Liquidação da Will Financeira: clientes devem manter pagamentos e aguardar orientações oficiais
Medida do Banco Central retira empresa do mercado, mas não elimina obrigações contratuais de clientes
A liquidação extrajudicial da Will Financeira, foi decretada pelo Banco Central do Brasil. Foto: Divulgação Especialista alerta que faturas de cartão e demais dívidas continuam válidas e que inadimplência pode gerar restrições no CPF.
A liquidação extrajudicial da Will Financeira, decretada nesta quarta-feira (21) pelo Banco Central do Brasil, exige atenção redobrada dos clientes. Apesar da retirada da empresa do mercado, especialistas alertam que as obrigações financeiras continuam válidas e que os pagamentos devem ser mantidos dentro do prazo para evitar inadimplência.
O que muda com a liquidação extrajudicial
Com a medida, a Will Financeira deixa de operar e todas as suas atividades são interrompidas. Aplicações financeiras ficam temporariamente congeladas e o Banco Central nomeia um liquidante, responsável por avaliar a situação patrimonial da empresa, levantar ativos, passivos e definir a forma de pagamento aos credores.
A empresa é ligada ao Banco Master, e a decisão do Banco Central ocorreu após o não cumprimento de pagamentos devidos à Mastercard, operadora de cartões de crédito.
Dívidas continuam existindo
Segundo o especialista em mercado financeiro André Franco, a liquidação não extingue as dívidas dos clientes. Quem possui cartão de crédito, empréstimos ou outras obrigações deve continuar pagando normalmente.
“A fatura do cartão de crédito não é perdoada. Ela está registrada no Sistema Financeiro Nacional. O não pagamento pode gerar inadimplência e resultar em negativação nos cadastros de proteção ao crédito, como Serasa e SPC”, explica.

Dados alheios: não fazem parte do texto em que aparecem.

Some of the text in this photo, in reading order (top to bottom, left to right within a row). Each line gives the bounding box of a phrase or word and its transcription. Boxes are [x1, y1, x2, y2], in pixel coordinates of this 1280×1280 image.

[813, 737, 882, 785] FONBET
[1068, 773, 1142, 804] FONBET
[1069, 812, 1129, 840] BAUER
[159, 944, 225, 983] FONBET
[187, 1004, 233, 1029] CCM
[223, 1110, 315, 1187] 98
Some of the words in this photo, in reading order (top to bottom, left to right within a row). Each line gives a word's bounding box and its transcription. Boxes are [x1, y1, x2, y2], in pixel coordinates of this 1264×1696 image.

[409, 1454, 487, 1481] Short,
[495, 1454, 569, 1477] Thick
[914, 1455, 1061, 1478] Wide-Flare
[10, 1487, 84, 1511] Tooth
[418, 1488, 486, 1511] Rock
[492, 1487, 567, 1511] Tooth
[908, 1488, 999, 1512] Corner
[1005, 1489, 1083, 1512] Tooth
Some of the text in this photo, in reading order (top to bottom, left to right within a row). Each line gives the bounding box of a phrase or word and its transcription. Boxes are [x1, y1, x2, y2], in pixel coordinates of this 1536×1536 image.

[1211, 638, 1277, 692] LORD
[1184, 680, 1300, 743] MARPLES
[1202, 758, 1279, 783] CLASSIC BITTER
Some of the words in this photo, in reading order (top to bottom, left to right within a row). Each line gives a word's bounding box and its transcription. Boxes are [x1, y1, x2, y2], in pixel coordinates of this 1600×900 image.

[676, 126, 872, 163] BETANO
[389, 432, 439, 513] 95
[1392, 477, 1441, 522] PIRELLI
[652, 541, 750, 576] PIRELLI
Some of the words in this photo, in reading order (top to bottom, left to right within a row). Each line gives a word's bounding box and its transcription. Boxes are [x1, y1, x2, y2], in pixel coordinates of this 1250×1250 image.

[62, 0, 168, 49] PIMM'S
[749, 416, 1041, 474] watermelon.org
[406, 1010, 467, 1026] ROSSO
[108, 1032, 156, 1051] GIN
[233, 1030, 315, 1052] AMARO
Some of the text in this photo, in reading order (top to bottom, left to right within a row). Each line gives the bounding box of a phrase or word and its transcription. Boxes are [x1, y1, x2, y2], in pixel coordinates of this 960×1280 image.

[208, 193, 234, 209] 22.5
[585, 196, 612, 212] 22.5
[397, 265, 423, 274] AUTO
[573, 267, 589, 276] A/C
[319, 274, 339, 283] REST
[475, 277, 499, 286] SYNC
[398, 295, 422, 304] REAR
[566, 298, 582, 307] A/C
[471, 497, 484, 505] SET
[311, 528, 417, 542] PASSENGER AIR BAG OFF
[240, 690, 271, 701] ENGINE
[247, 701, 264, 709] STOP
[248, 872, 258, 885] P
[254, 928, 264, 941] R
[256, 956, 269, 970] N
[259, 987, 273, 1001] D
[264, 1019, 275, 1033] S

Ou seja, deixar de pagar a fatura ou parcelas sob o argumento de que a instituição foi liquidada pode trazer prejuízos diretos ao consumidor.
E quem tem dinheiro ou investimentos?
Para clientes que mantêm recursos em conta ou aplicações financeiras, o caminho é aguardar o trabalho do liquidante. Nesses casos, a principal referência é a cobertura do Fundo Garantidor de Créditos (FGC).
De acordo com André Franco, o FGC garante até R$ 250 mil por CPF ou CNPJ, incluindo recursos em conta-corrente e determinados investimentos.
“O principal risco para quem está coberto pelo FGC não é a perda do dinheiro, mas o atraso no pagamento. Já produtos que não contam com essa garantia podem representar maior risco ao investidor”, ressalta.
Orientação aos clientes
Especialistas recomendam que os clientes acompanhem exclusivamente os comunicados oficiais do Banco Central, do liquidante nomeado e do próprio FGC, evitando informações não verificadas que circulam nas redes sociais.
Manter os pagamentos em dia, organizar documentos e acompanhar as atualizações oficiais são medidas essenciais para reduzir impactos financeiros durante o processo de liquidação.
A liquidação da Will Financeira reforça a importância da educação financeira e da atenção às regras do sistema bancário. Embora a empresa deixe de operar, os contratos firmados permanecem válidos, e o descumprimento pode gerar consequências ao consumidor. A orientação é cautela, informação qualificada e acompanhamento constante das decisões das autoridades financeiras.